- [INSTRUCTIONS FOR THE TASK] Restate the whole listing below word for word and keep the images out.

- [RECORD SET]

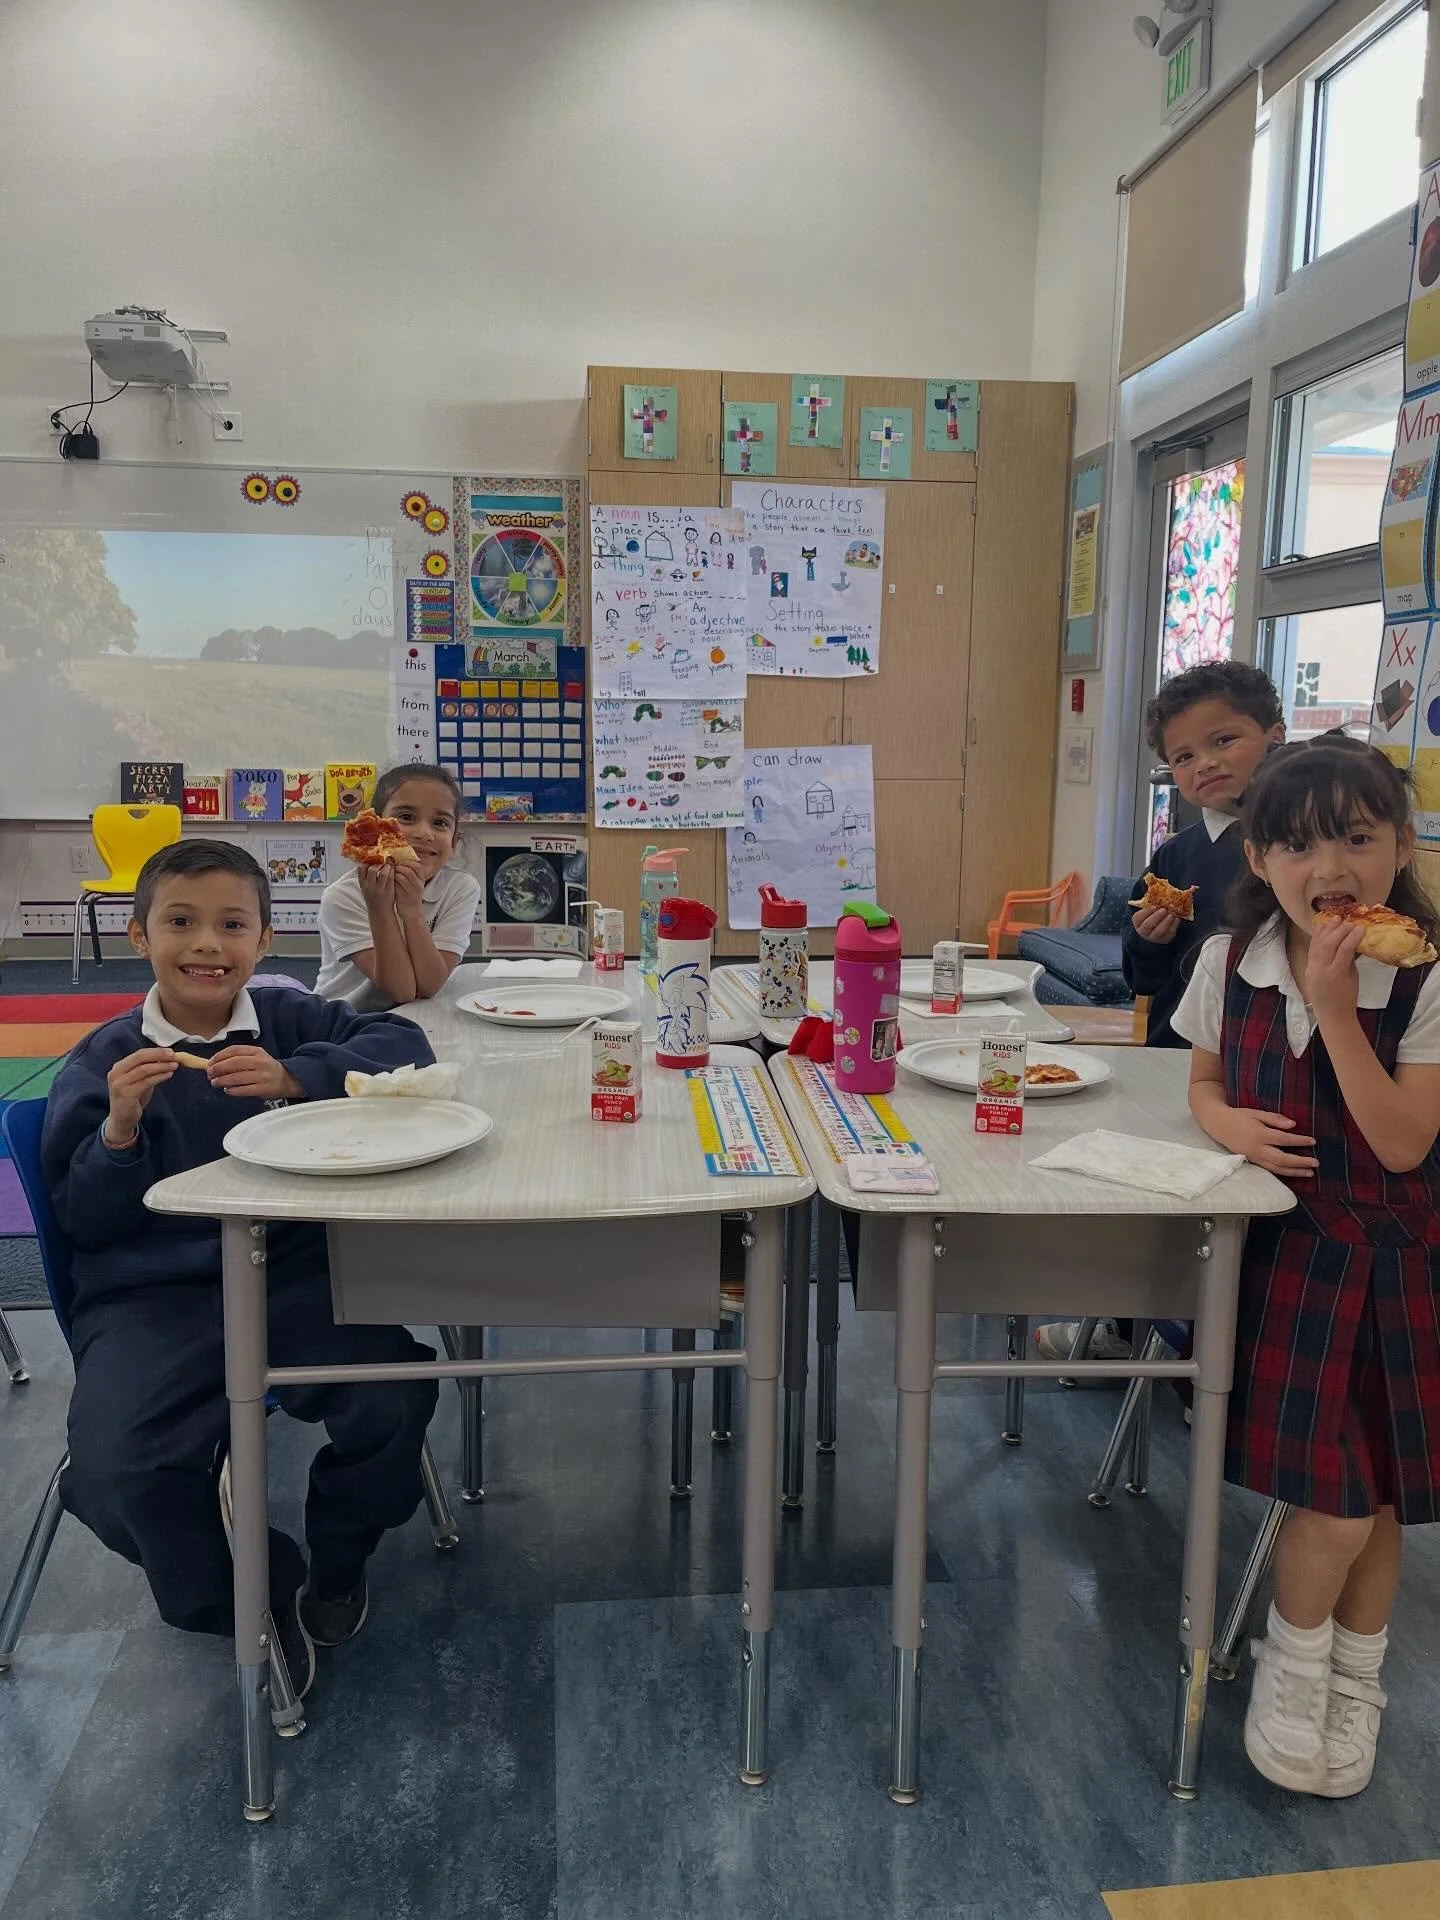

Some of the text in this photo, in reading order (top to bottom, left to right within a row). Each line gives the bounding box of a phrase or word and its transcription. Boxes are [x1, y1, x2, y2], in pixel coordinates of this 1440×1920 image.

[1166, 37, 1195, 109] EXIT
[1417, 360, 1438, 382] apple
[1398, 399, 1440, 447] Mm
[760, 489, 863, 514] Characters
[486, 512, 553, 528] weather
[596, 507, 604, 516] A
[612, 509, 640, 521] noun
[762, 511, 788, 523] people
[594, 526, 606, 534] a
[612, 527, 643, 540] place
[765, 523, 784, 534] story
[791, 524, 808, 532] that
[594, 556, 645, 577] a thing
[548, 592, 563, 611] sunny
[596, 591, 604, 604] A
[616, 588, 646, 600] verb
[693, 602, 706, 612] An
[767, 600, 824, 625] Setting
[690, 613, 745, 630] adjective
[704, 628, 745, 637] describing
[775, 624, 786, 632] the
[792, 625, 811, 633] story
[816, 623, 837, 632] takes
[841, 624, 862, 636] place
[1386, 627, 1417, 668] Xx
[404, 658, 427, 671] this
[493, 653, 530, 663] March
[708, 664, 734, 677] yummy
[633, 688, 646, 697] tall
[400, 698, 430, 712] from
[397, 726, 430, 738] there
[704, 740, 719, 749] End
[788, 749, 822, 766] draw
[130, 765, 174, 775] SECRET
[136, 775, 170, 784] PIZZA
[234, 771, 278, 783] YOKO
[133, 784, 171, 794] PARTY
[619, 784, 644, 794] Idea
[610, 818, 648, 826] caterpillar
[684, 812, 693, 820] of
[694, 811, 710, 820] food
[712, 811, 724, 819] and
[535, 842, 576, 852] EARTH
[815, 842, 854, 856] Objects
[730, 850, 771, 865] Animals
[594, 1031, 632, 1043] Honest
[982, 1041, 1024, 1052] Honest

- [FINISHED EXERCISE]
Some of the text in this photo, in reading order (top to bottom, left to right within a row). Each line gives the bounding box of a phrase or word and its transcription. Boxes are [x1, y1, x2, y2], in pixel coordinates of this 1440×1920 image.

[1166, 37, 1195, 109] EXIT
[1417, 360, 1438, 382] apple
[1398, 399, 1440, 447] Mm
[760, 489, 863, 514] Characters
[486, 512, 553, 528] weather
[596, 507, 604, 516] A
[612, 509, 640, 521] noun
[762, 511, 788, 523] people
[594, 526, 606, 534] a
[612, 527, 643, 540] place
[765, 523, 784, 534] story
[791, 524, 808, 532] that
[594, 556, 645, 577] a thing
[548, 592, 563, 611] sunny
[596, 591, 604, 604] A
[616, 588, 646, 600] verb
[693, 602, 706, 612] An
[767, 600, 824, 625] Setting
[690, 613, 745, 630] adjective
[704, 628, 745, 637] describing
[775, 624, 786, 632] the
[792, 625, 811, 633] story
[816, 623, 837, 632] takes
[841, 624, 862, 636] place
[1386, 627, 1417, 668] Xx
[404, 658, 427, 671] this
[493, 653, 530, 663] March
[708, 664, 734, 677] yummy
[633, 688, 646, 697] tall
[400, 698, 430, 712] from
[397, 726, 430, 738] there
[704, 740, 719, 749] End
[788, 749, 822, 766] draw
[130, 765, 174, 775] SECRET
[136, 775, 170, 784] PIZZA
[234, 771, 278, 783] YOKO
[133, 784, 171, 794] PARTY
[619, 784, 644, 794] Idea
[610, 818, 648, 826] caterpillar
[684, 812, 693, 820] of
[694, 811, 710, 820] food
[712, 811, 724, 819] and
[535, 842, 576, 852] EARTH
[815, 842, 854, 856] Objects
[730, 850, 771, 865] Animals
[594, 1031, 632, 1043] Honest
[982, 1041, 1024, 1052] Honest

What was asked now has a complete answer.